I strongly applaud Waleed for being the most helpful he can be, and I don’t dare to put myself in his league of the most helpful people in the faculty. I can acknowledge that I have helped a lot, but not as much as he did. Maybe it’s not just because I found out that I have to do another task and do it as well as I can; it could be age as well, but this isn’t the point. But still I believe that it IS enough to give my 100% effort in the sections, dedicate 3 or 4 hours each week to help my students (but I strongly stress that they should first be willing to help themselves), but other than that, I have another job to tend to, and it’s not less important by all means.

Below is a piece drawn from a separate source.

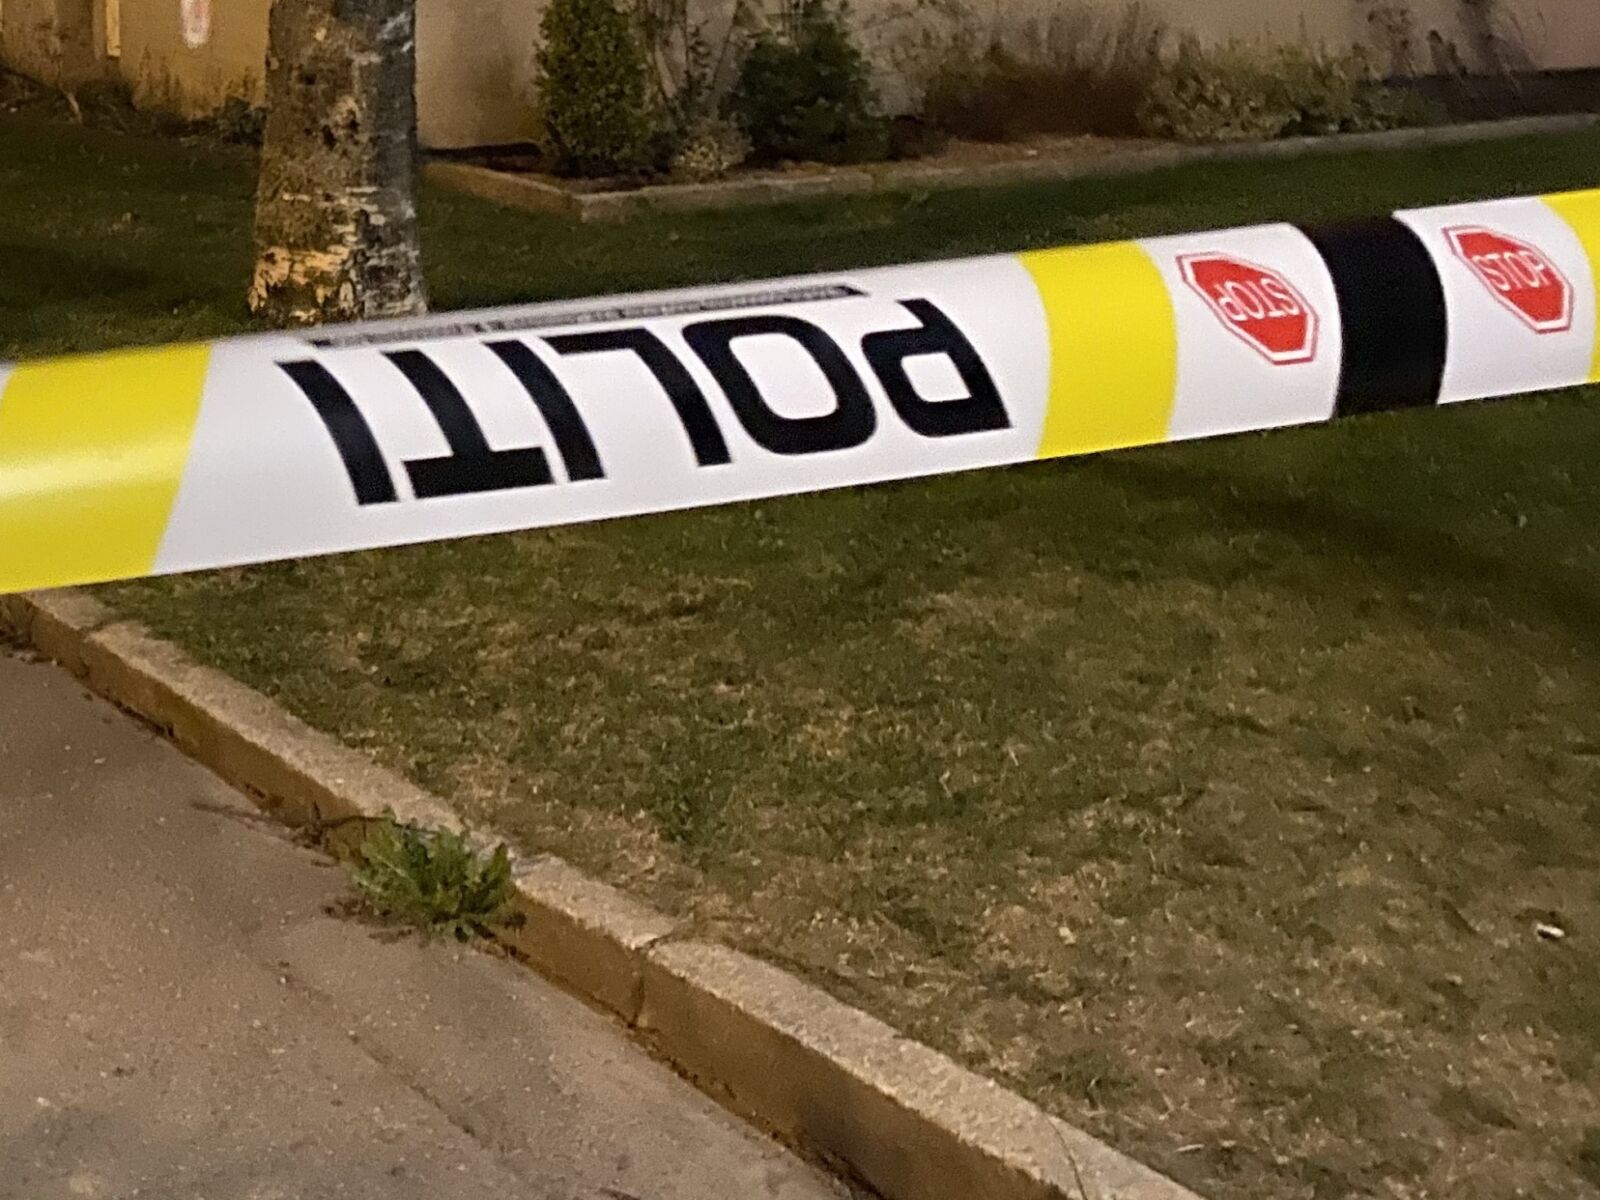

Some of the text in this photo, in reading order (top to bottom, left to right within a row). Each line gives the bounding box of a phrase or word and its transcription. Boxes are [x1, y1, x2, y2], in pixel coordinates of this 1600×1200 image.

[1470, 251, 1546, 292] STOP
[1213, 277, 1299, 321] STOP
[274, 298, 1013, 506] POLITI

Long story short, I found out the hard way that actually by dedicating my efforts to the day to day tasks of the faculty I was actually not doing my job; my real job; which is RESEARCH. That doesn’t mean at all that I support anyone neglecting his or her sections to pursue personal gains of any kind, but we have to put in mind that getting academic degrees isn’t just a personal gain, it’s also dedicated to the students, and to the country in general. Instead of being “academic policy executors” we get to be “academic policy makers.” If we’re good enough, then we’ll fix the problems that we have today and will create a better tomorrow. There’s nothing we can do for today except work hard to help as we can, but we must never forget that we have yet another noble goal to achieve; which is to make a better future and help our country progress.

A well-planned, well-stated vision March 6, 2008

Posted by mervatabuelkheir in Faculty Life.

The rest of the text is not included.